Desde que no estás, muchas cosas me parecen tristes. Cosas que antes solían ser buenas, como oír la corneta de los heladeros pasando por mi calle. Ahora podría ponerme a llorar de sólo escucharla y los vecinos dirán que están anunciando mi sentencia de muerte. Los domingos por la tarde le abro la puerta a los mormones y los escucho hablar de Dios con tal de no quedarme solo. Los domingos puede venir a visitarme el diablo y le abriré la puerta y le invitaré galletas.
A veces vienen unas niñas a venderme limonada. La limonada nunca tiene suficiente azúcar o entonces tiene demasiada azúcar. Siempre compro más de cinco vasos. Como las niñas son muy pequeñas y no pueden cargar más de un vaso por vez tienen que regresar varias veces. A veces soy muy cruel y les compro ocho o diez vasos. Les digo que tengo muchos invitados. Cada vez que llegan están más felices que antes. Podría pasarme el domingo llenando la casa de vasos de limonada pero luego a las niñas se les acaban los limones o sus papás las mandan a dormir y entonces vuelven a chillar los cuervos.
Los domingos por la tarde me acuerdo de todas las canciones. Canciones como Piano Man o Angie. Canciones que no me gustan pero que lamentablemente alguien inventó y ahora están allí para recordarme que tú no estás y que sólo tengo una lista milenaria de gritos y acordes.
Cualquier domingo podría ser el fin del mundo y no me extrañaría. Los domingos puedes venir y dejaré que me pintes con témperas o que me peines como más te guste. Puedes hablarme de cosas aburridas o simplemente quedarte dormida y soñar lo que quieras. Los domingos puedes traer dos maderos, clavos y un martillo y dejaré que me conviertas en una leyenda.
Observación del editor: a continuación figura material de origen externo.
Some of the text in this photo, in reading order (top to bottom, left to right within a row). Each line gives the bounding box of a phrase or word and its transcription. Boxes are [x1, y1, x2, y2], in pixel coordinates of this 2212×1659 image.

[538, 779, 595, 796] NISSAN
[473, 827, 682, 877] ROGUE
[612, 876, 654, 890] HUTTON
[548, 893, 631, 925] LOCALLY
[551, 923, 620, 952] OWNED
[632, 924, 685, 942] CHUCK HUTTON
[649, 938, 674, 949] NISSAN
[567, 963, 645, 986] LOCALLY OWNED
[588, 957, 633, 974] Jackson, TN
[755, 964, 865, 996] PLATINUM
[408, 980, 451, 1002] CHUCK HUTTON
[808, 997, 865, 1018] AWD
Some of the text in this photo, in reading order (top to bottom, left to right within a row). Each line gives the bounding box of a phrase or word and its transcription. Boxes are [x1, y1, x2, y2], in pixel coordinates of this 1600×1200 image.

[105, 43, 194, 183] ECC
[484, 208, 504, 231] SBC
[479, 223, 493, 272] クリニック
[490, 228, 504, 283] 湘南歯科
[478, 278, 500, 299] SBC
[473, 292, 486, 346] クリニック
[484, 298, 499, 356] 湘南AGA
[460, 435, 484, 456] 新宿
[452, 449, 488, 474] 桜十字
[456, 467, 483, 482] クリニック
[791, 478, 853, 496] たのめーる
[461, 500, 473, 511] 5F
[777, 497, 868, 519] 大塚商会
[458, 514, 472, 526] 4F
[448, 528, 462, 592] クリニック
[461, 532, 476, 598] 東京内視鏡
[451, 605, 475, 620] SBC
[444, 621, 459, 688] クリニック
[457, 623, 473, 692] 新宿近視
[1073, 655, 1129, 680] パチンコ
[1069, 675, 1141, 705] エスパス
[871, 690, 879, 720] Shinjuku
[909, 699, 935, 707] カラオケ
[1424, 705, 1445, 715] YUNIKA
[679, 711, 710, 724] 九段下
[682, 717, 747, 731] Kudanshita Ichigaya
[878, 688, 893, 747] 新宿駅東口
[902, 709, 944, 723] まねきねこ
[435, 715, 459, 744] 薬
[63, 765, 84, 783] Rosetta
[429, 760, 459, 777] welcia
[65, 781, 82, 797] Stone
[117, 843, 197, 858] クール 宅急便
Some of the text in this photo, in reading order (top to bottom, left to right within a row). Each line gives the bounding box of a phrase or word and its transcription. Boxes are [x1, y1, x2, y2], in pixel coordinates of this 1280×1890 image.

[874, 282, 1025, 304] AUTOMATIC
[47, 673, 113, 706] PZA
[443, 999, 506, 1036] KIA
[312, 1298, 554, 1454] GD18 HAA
Supongo que crees que exagero. Espero que entiendas que lo de los cuervos es sólo una forma de sentirlo. La verdad es que a lo mucho un par de palomas se posan sobre los cables de luz frente a mi ventana; sin embargo, no deberías subestimar el canto de una paloma y pensar que no puede ponerte tan triste como una canción de los rolling stones. Tampoco pensar que dos niñas cargando limonada traen en sus manos menos felicidad que todo disneylandia.
Como recordarás tu también, no siempre fue así. Me refiero a cuando estábamos juntos. Los domingos bajaba por las calles hasta tu casa de perro y buganvillas. Tirábamos tu zapato a la pista y esperábamos que los carros no lo chancasen y eso nos causaba mucha risa. Te parecerá estúpido pero de eso es de lo que más me acuerdo. También de la luz solar reflejada en el suelo de tu sala y de tus besos antiguos con sabor a círculo.
Pero es como si eso hubiese sido otro día, con otro nombre y no este malsano gotear de minutos que me taladra las ganas.
Porque lo que ahora queda no es ya un día sino un cadáver abandonado, un cráneo y varias vértebras de un día muerto que se llena de cuervos y se convierte en un polvo que ciega los ojos y que obstruye puertas y venas, un desierto con miles de granos de arena llamados Sahara, el hueco de una estrella extinta, una nada que insiste en visitarme cada siete días, cincuenta y dos veces al año, por sabe Dios cuanto tiempo más, sin que yo pueda hacer algo, lo que sea, cualquier cosa maldita sea, para evitarlo y no quedarme aquí, contando cuervos.